Tuesday 17 December 2013

On the outside...

TW: Mention of suicide and sexual assault.

Or why social justice hurts. I should have learned my lesson but I never do.

White mainstream feminists have no time for me. I am not as privileged as them. I don't belong in their spaces.

PoC feminists do not want me in their spaces, because I am not one of them.

Gay and Lesbian circles have no time for me, I'm too "crazy" and Bisexual to belong there.

Trans circles have no time for me, I own a Uterus and am non-binary, and my life cuts like a knife in ways they don't like.

Poverty circles have no time for me. I do not fit the poverty porn mold of the virtuous poor person.

Survivors circles have no time for me, because I do not hurt in the 'right' ways or express that hurt in the 'right' way.

Autism circles have no time for me because my level doesn't remain stable when under pressure from other conditions.

Disabled spaces have no time for me, I am too harsh, too willing to defend myself. I lack what they feel is the right amount of 'vulnerability'. I never learned to play nice, it was smothered out of me by oppression.

They. I.

I'm on the outside, there are no spaces for minorities like me. We have too many oppressions clustered thickly on top of one another in great smothering sheets. We cannot exist within the spaces dedicated to one of our oppressions because those spaces don't acknowledge our layered existence, we're not just one thing, we're a multitude. A great mass of bleeding wounds, and spaces tenderly bandage one, then complain about all the blood on the carpet because of the others.

Yet we're never supposed to be angry or to resent those who yank open our bleeding wounds, peer curiously into the depths of our hurt and then declare it either not good enough or say there is no wound there at all. We're not supposed to talk about our conflicting lives with their intertwined existence of privilege and a whole mass of oppression. We're especially not supposed to talk about the ways the narratives single issues spaces push hurt us, or when another minority victimises us.

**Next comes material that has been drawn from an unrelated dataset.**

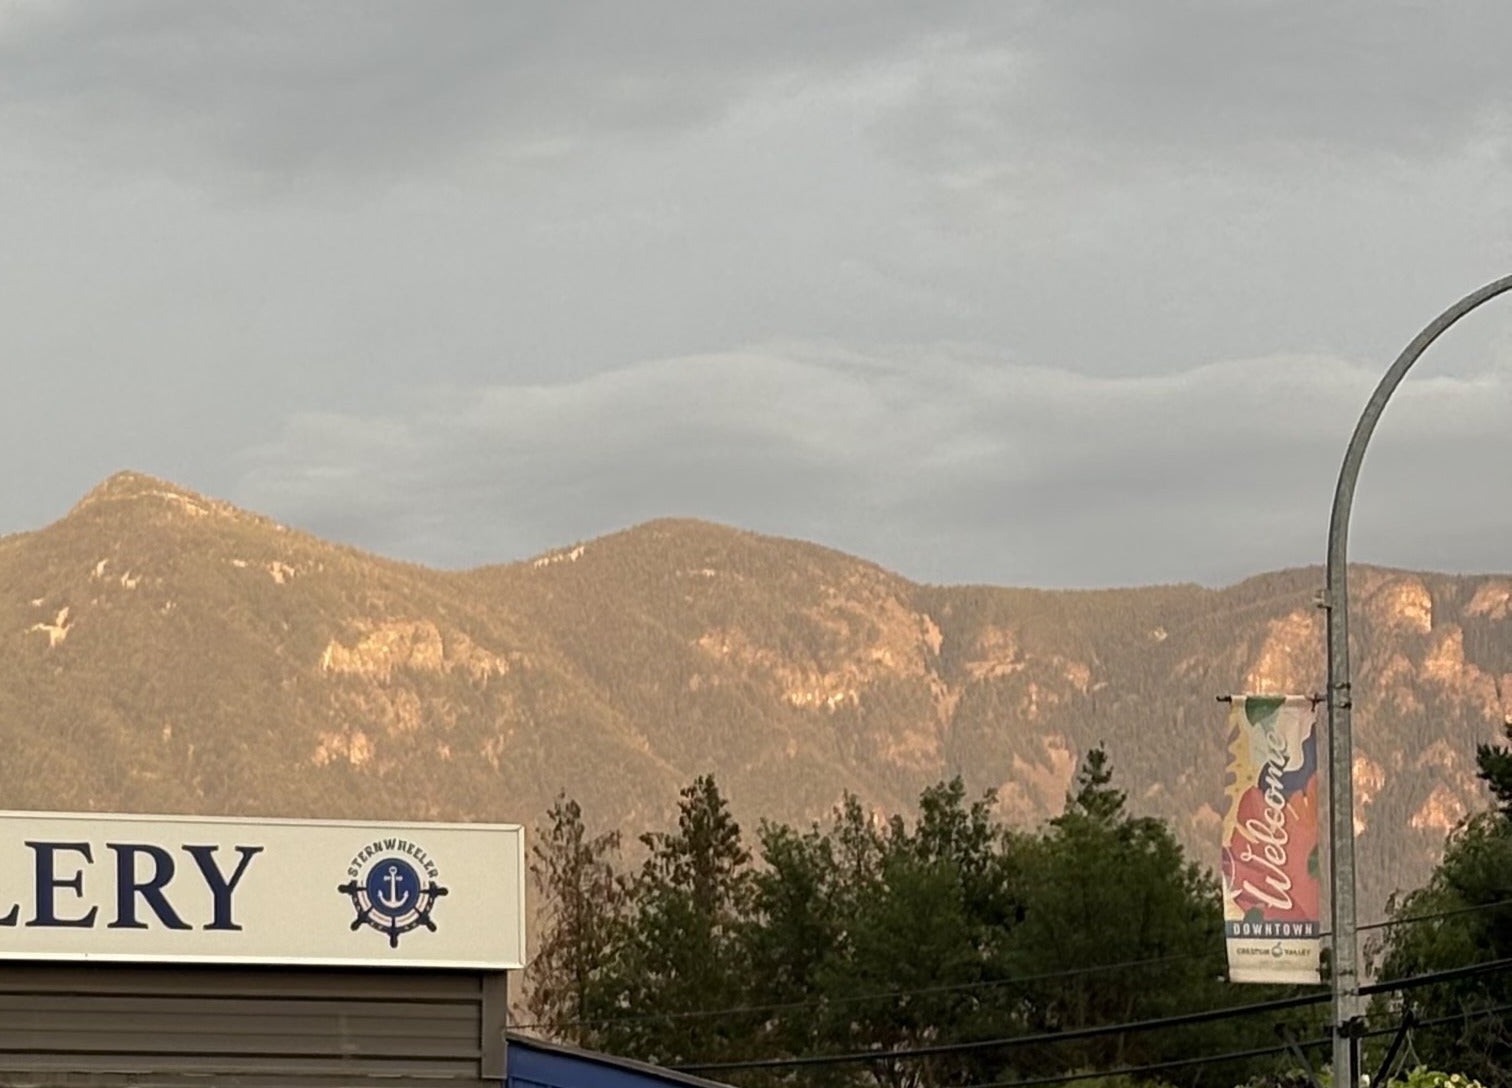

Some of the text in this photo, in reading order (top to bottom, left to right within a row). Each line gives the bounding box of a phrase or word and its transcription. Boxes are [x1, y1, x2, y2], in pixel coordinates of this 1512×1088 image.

[1240, 731, 1293, 909] Welcome
[348, 838, 439, 877] STERNWHEELER
[1233, 923, 1312, 936] DOWNTOWN

We're not supposed to talk about being told to not phone the police on minority rapists because the fact that the minority they belong to might suffer police oppression is considered more important than our safety and pain. We're not supposed to talk about the cult of nice. The cult that says speaking about oppression is so sacred that nobody may speak out when that speech oppresses.

We're not supposed to talk about how one sided it always is, with us walled out. The lack of support. The fact that social justice inevitably never applies to us, we don't belong so it's okay to slut shame, victim blame and do worse to us.

We're not supposed to talk about cut wrists and the sharp smell of blood, the rattle of yet another pot brimming with the little white pills. We're not supposedly to talk about hundreds of minority people hammering single person who doesn't fit, or the late nights talking, pleading, begging them to hold on, just one more minute, just one, until you're hoarse, exhausted and the sun is just coming up and you know the battle is won, at least until tonight when it starts all over again.

We don't fit and social justice advocates do this over and over to those of us on the outside. But we are never supposed to talk about it, our mouths stopped with "but you don't want to be a bigot" and told we're being unfair when we hint around the edges of why social justice hurts like a knife in you.

We are never supposed to talk because all is permissible in the pursuit of social justice for those with fewer oppressions. As silent as the grave we must be. Because we don't matter. We've never mattered, no multitudes turn out for us, our lives are unmarked by the concern of social justice advocates as fresh snow is unmarked by the tread of feet, we simply cease to exist in this landscape of neat boxes none of which we fit into.

Intersectionality? has never been for us. We don't fit into it's confines.